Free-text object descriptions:
╭──

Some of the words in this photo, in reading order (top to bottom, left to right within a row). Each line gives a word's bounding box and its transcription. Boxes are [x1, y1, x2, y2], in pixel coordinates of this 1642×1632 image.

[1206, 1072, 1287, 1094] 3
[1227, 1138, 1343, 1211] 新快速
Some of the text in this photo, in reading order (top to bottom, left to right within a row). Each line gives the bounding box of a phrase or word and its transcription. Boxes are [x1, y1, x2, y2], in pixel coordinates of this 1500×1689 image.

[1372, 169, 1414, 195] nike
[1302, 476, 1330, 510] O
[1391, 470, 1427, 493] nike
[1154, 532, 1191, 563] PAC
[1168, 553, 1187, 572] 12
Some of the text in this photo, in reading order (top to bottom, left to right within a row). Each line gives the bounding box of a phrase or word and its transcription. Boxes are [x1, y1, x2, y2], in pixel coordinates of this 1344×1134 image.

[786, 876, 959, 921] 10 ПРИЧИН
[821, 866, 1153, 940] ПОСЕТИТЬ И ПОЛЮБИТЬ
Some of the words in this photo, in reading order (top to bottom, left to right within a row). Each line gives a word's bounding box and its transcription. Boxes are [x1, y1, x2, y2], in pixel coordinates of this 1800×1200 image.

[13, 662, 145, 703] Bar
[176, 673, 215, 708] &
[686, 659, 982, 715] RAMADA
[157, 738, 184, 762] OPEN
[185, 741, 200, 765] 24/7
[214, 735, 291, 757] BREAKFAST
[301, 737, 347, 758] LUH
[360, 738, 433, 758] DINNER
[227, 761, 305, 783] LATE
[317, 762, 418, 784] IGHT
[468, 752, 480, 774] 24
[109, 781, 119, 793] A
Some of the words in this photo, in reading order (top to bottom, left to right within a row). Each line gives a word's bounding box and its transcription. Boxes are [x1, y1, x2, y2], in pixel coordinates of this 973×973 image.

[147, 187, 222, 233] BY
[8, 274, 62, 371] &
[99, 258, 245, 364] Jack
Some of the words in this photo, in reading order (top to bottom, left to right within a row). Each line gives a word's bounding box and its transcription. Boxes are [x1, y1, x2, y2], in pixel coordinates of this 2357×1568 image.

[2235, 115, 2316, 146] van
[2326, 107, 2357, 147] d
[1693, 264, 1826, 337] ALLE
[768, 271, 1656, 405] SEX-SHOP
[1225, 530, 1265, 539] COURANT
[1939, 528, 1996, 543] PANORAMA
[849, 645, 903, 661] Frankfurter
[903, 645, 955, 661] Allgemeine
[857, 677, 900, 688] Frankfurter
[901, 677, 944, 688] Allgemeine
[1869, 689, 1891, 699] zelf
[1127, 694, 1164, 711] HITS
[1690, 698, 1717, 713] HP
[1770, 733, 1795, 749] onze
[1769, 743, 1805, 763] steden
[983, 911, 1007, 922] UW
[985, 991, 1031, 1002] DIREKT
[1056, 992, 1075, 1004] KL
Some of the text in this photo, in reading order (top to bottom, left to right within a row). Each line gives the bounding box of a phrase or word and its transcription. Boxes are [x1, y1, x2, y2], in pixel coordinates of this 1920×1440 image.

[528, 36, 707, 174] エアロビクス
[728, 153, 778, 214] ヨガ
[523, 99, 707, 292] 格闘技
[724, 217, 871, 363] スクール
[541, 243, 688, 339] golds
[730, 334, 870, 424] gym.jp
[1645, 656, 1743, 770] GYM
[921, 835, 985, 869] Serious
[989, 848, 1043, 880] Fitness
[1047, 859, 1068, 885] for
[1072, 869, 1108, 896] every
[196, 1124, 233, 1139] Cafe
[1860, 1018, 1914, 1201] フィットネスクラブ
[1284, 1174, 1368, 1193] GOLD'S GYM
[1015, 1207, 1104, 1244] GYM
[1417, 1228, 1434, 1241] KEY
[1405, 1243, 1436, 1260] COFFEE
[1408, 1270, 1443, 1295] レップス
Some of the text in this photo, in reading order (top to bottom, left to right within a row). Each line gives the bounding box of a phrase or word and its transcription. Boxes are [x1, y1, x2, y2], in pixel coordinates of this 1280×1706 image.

╰──

### [TASK DETAILS]
In full and exactly as written, reproduce the records above.

### [RESPONSE TO THIS EXERCISE]
Some of the words in this photo, in reading order (top to bottom, left to right within a row). Each line gives a word's bounding box and its transcription. Boxes are [x1, y1, x2, y2], in pixel coordinates of this 1642×1632 image.

[1206, 1072, 1287, 1094] 3
[1227, 1138, 1343, 1211] 新快速
Some of the text in this photo, in reading order (top to bottom, left to right within a row). Each line gives the bounding box of a phrase or word and its transcription. Boxes are [x1, y1, x2, y2], in pixel coordinates of this 1500×1689 image.

[1372, 169, 1414, 195] nike
[1302, 476, 1330, 510] O
[1391, 470, 1427, 493] nike
[1154, 532, 1191, 563] PAC
[1168, 553, 1187, 572] 12
Some of the text in this photo, in reading order (top to bottom, left to right within a row). Each line gives the bounding box of a phrase or word and its transcription. Boxes are [x1, y1, x2, y2], in pixel coordinates of this 1344×1134 image.

[786, 876, 959, 921] 10 ПРИЧИН
[821, 866, 1153, 940] ПОСЕТИТЬ И ПОЛЮБИТЬ
Some of the words in this photo, in reading order (top to bottom, left to right within a row). Each line gives a word's bounding box and its transcription. Boxes are [x1, y1, x2, y2], in pixel coordinates of this 1800×1200 image.

[13, 662, 145, 703] Bar
[176, 673, 215, 708] &
[686, 659, 982, 715] RAMADA
[157, 738, 184, 762] OPEN
[185, 741, 200, 765] 24/7
[214, 735, 291, 757] BREAKFAST
[301, 737, 347, 758] LUH
[360, 738, 433, 758] DINNER
[227, 761, 305, 783] LATE
[317, 762, 418, 784] IGHT
[468, 752, 480, 774] 24
[109, 781, 119, 793] A
Some of the words in this photo, in reading order (top to bottom, left to right within a row). Each line gives a word's bounding box and its transcription. Boxes are [x1, y1, x2, y2], in pixel coordinates of this 973×973 image.

[147, 187, 222, 233] BY
[8, 274, 62, 371] &
[99, 258, 245, 364] Jack
Some of the words in this photo, in reading order (top to bottom, left to right within a row). Each line gives a word's bounding box and its transcription. Boxes are [x1, y1, x2, y2], in pixel coordinates of this 2357×1568 image.

[2235, 115, 2316, 146] van
[2326, 107, 2357, 147] d
[1693, 264, 1826, 337] ALLE
[768, 271, 1656, 405] SEX-SHOP
[1225, 530, 1265, 539] COURANT
[1939, 528, 1996, 543] PANORAMA
[849, 645, 903, 661] Frankfurter
[903, 645, 955, 661] Allgemeine
[857, 677, 900, 688] Frankfurter
[901, 677, 944, 688] Allgemeine
[1869, 689, 1891, 699] zelf
[1127, 694, 1164, 711] HITS
[1690, 698, 1717, 713] HP
[1770, 733, 1795, 749] onze
[1769, 743, 1805, 763] steden
[983, 911, 1007, 922] UW
[985, 991, 1031, 1002] DIREKT
[1056, 992, 1075, 1004] KL
Some of the text in this photo, in reading order (top to bottom, left to right within a row). Each line gives the bounding box of a phrase or word and its transcription. Boxes are [x1, y1, x2, y2], in pixel coordinates of this 1920×1440 image.

[528, 36, 707, 174] エアロビクス
[728, 153, 778, 214] ヨガ
[523, 99, 707, 292] 格闘技
[724, 217, 871, 363] スクール
[541, 243, 688, 339] golds
[730, 334, 870, 424] gym.jp
[1645, 656, 1743, 770] GYM
[921, 835, 985, 869] Serious
[989, 848, 1043, 880] Fitness
[1047, 859, 1068, 885] for
[1072, 869, 1108, 896] every
[196, 1124, 233, 1139] Cafe
[1860, 1018, 1914, 1201] フィットネスクラブ
[1284, 1174, 1368, 1193] GOLD'S GYM
[1015, 1207, 1104, 1244] GYM
[1417, 1228, 1434, 1241] KEY
[1405, 1243, 1436, 1260] COFFEE
[1408, 1270, 1443, 1295] レップス
Some of the text in this photo, in reading order (top to bottom, left to right within a row). Each line gives the bounding box of a phrase or word and its transcription. Boxes are [x1, y1, x2, y2], in pixel coordinates of this 1280×1706 image.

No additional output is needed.